TASK TO COMPLETE: Retype every record below exactly as it appears.

Extracted records:
########################################
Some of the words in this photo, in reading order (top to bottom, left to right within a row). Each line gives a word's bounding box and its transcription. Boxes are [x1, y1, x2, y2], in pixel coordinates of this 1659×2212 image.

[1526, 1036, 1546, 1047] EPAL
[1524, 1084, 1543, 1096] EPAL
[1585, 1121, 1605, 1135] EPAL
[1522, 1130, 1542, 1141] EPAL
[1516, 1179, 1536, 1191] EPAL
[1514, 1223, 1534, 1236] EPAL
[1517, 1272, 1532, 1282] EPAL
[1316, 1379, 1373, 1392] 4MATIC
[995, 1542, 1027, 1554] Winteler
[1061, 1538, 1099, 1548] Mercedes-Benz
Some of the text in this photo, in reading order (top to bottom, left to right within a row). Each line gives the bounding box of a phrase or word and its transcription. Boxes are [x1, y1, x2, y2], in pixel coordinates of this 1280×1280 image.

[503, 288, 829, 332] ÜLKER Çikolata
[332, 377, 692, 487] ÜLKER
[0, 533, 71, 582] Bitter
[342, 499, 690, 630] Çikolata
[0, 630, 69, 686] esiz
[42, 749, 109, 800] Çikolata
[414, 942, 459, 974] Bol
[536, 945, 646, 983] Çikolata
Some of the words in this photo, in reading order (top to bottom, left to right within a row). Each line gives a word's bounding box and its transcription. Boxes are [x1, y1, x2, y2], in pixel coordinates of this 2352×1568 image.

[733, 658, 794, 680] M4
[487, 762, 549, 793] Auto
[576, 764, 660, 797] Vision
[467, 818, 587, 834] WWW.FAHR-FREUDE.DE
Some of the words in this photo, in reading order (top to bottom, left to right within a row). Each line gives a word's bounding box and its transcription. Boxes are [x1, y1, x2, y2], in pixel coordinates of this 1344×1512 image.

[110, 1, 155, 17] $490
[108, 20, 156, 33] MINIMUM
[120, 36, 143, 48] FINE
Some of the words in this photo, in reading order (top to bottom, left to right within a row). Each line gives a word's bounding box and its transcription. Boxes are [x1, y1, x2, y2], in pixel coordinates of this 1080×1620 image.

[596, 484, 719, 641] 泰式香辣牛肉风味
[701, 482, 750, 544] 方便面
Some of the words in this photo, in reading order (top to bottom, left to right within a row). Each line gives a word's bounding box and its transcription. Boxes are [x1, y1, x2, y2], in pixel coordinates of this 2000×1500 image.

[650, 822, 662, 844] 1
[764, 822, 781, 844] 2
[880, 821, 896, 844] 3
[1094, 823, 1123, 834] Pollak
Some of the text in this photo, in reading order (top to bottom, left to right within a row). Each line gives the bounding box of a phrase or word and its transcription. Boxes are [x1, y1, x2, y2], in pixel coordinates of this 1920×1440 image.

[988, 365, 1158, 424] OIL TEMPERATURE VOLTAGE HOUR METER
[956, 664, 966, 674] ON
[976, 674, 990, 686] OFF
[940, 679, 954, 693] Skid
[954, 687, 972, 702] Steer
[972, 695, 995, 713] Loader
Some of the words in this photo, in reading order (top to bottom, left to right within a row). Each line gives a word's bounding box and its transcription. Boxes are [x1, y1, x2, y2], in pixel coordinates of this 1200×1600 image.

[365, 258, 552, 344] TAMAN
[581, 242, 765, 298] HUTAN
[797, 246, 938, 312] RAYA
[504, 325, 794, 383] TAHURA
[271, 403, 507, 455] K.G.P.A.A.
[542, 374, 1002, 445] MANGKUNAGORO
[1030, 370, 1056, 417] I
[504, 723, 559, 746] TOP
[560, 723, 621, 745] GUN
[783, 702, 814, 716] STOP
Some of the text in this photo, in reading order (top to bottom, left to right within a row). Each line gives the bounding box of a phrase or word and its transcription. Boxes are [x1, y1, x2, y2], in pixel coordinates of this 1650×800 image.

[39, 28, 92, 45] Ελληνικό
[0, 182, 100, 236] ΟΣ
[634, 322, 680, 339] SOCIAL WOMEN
########################################
EXERCISE RESPONSE:
Some of the words in this photo, in reading order (top to bottom, left to right within a row). Each line gives a word's bounding box and its transcription. Boxes are [x1, y1, x2, y2], in pixel coordinates of this 1659×2212 image.

[1526, 1036, 1546, 1047] EPAL
[1524, 1084, 1543, 1096] EPAL
[1585, 1121, 1605, 1135] EPAL
[1522, 1130, 1542, 1141] EPAL
[1516, 1179, 1536, 1191] EPAL
[1514, 1223, 1534, 1236] EPAL
[1517, 1272, 1532, 1282] EPAL
[1316, 1379, 1373, 1392] 4MATIC
[995, 1542, 1027, 1554] Winteler
[1061, 1538, 1099, 1548] Mercedes-Benz
Some of the text in this photo, in reading order (top to bottom, left to right within a row). Each line gives the bounding box of a phrase or word and its transcription. Boxes are [x1, y1, x2, y2], in pixel coordinates of this 1280×1280 image.

[503, 288, 829, 332] ÜLKER Çikolata
[332, 377, 692, 487] ÜLKER
[0, 533, 71, 582] Bitter
[342, 499, 690, 630] Çikolata
[0, 630, 69, 686] esiz
[42, 749, 109, 800] Çikolata
[414, 942, 459, 974] Bol
[536, 945, 646, 983] Çikolata
Some of the words in this photo, in reading order (top to bottom, left to right within a row). Each line gives a word's bounding box and its transcription. Boxes are [x1, y1, x2, y2], in pixel coordinates of this 2352×1568 image.

[733, 658, 794, 680] M4
[487, 762, 549, 793] Auto
[576, 764, 660, 797] Vision
[467, 818, 587, 834] WWW.FAHR-FREUDE.DE
Some of the words in this photo, in reading order (top to bottom, left to right within a row). Each line gives a word's bounding box and its transcription. Boxes are [x1, y1, x2, y2], in pixel coordinates of this 1344×1512 image.

[110, 1, 155, 17] $490
[108, 20, 156, 33] MINIMUM
[120, 36, 143, 48] FINE
Some of the words in this photo, in reading order (top to bottom, left to right within a row). Each line gives a word's bounding box and its transcription. Boxes are [x1, y1, x2, y2], in pixel coordinates of this 1080×1620 image.

[596, 484, 719, 641] 泰式香辣牛肉风味
[701, 482, 750, 544] 方便面
Some of the words in this photo, in reading order (top to bottom, left to right within a row). Each line gives a word's bounding box and its transcription. Boxes are [x1, y1, x2, y2], in pixel coordinates of this 2000×1500 image.

[650, 822, 662, 844] 1
[764, 822, 781, 844] 2
[880, 821, 896, 844] 3
[1094, 823, 1123, 834] Pollak
Some of the text in this photo, in reading order (top to bottom, left to right within a row). Each line gives the bounding box of a phrase or word and its transcription. Boxes are [x1, y1, x2, y2], in pixel coordinates of this 1920×1440 image.

[988, 365, 1158, 424] OIL TEMPERATURE VOLTAGE HOUR METER
[956, 664, 966, 674] ON
[976, 674, 990, 686] OFF
[940, 679, 954, 693] Skid
[954, 687, 972, 702] Steer
[972, 695, 995, 713] Loader
Some of the words in this photo, in reading order (top to bottom, left to right within a row). Each line gives a word's bounding box and its transcription. Boxes are [x1, y1, x2, y2], in pixel coordinates of this 1200×1600 image.

[365, 258, 552, 344] TAMAN
[581, 242, 765, 298] HUTAN
[797, 246, 938, 312] RAYA
[504, 325, 794, 383] TAHURA
[271, 403, 507, 455] K.G.P.A.A.
[542, 374, 1002, 445] MANGKUNAGORO
[1030, 370, 1056, 417] I
[504, 723, 559, 746] TOP
[560, 723, 621, 745] GUN
[783, 702, 814, 716] STOP
Some of the text in this photo, in reading order (top to bottom, left to right within a row). Each line gives the bounding box of a phrase or word and its transcription. Boxes are [x1, y1, x2, y2], in pixel coordinates of this 1650×800 image.

[39, 28, 92, 45] Ελληνικό
[0, 182, 100, 236] ΟΣ
[634, 322, 680, 339] SOCIAL WOMEN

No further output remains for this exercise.